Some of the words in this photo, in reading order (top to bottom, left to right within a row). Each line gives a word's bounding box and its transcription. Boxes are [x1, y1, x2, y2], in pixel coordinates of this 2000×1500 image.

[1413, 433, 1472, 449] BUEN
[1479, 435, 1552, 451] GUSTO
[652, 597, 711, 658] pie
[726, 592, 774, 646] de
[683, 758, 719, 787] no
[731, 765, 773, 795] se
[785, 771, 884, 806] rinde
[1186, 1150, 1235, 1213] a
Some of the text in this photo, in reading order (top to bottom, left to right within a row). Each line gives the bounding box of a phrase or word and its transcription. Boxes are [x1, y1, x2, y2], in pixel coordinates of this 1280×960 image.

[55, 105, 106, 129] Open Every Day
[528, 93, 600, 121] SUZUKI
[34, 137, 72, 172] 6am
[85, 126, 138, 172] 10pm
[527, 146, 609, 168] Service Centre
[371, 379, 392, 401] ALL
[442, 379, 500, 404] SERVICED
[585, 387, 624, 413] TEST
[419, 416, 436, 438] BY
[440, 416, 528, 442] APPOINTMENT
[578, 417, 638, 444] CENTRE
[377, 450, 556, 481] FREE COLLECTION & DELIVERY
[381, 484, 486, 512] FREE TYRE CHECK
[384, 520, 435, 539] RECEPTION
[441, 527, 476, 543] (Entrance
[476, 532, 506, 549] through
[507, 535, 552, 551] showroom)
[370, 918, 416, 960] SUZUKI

◆ ◆ ◆ ◆

The answer should consist only of the lines from the line containing "Some of the text" through the final line of the listing above, reproduced exactly.

Some of the text in this photo, in reading order (top to bottom, left to right within a row). Each line gives the bounding box of a phrase or word and its transcription. Boxes are [x1, y1, x2, y2], in pixel coordinates of this 1280×960 image.

[55, 105, 106, 129] Open Every Day
[528, 93, 600, 121] SUZUKI
[34, 137, 72, 172] 6am
[85, 126, 138, 172] 10pm
[527, 146, 609, 168] Service Centre
[371, 379, 392, 401] ALL
[442, 379, 500, 404] SERVICED
[585, 387, 624, 413] TEST
[419, 416, 436, 438] BY
[440, 416, 528, 442] APPOINTMENT
[578, 417, 638, 444] CENTRE
[377, 450, 556, 481] FREE COLLECTION & DELIVERY
[381, 484, 486, 512] FREE TYRE CHECK
[384, 520, 435, 539] RECEPTION
[441, 527, 476, 543] (Entrance
[476, 532, 506, 549] through
[507, 535, 552, 551] showroom)
[370, 918, 416, 960] SUZUKI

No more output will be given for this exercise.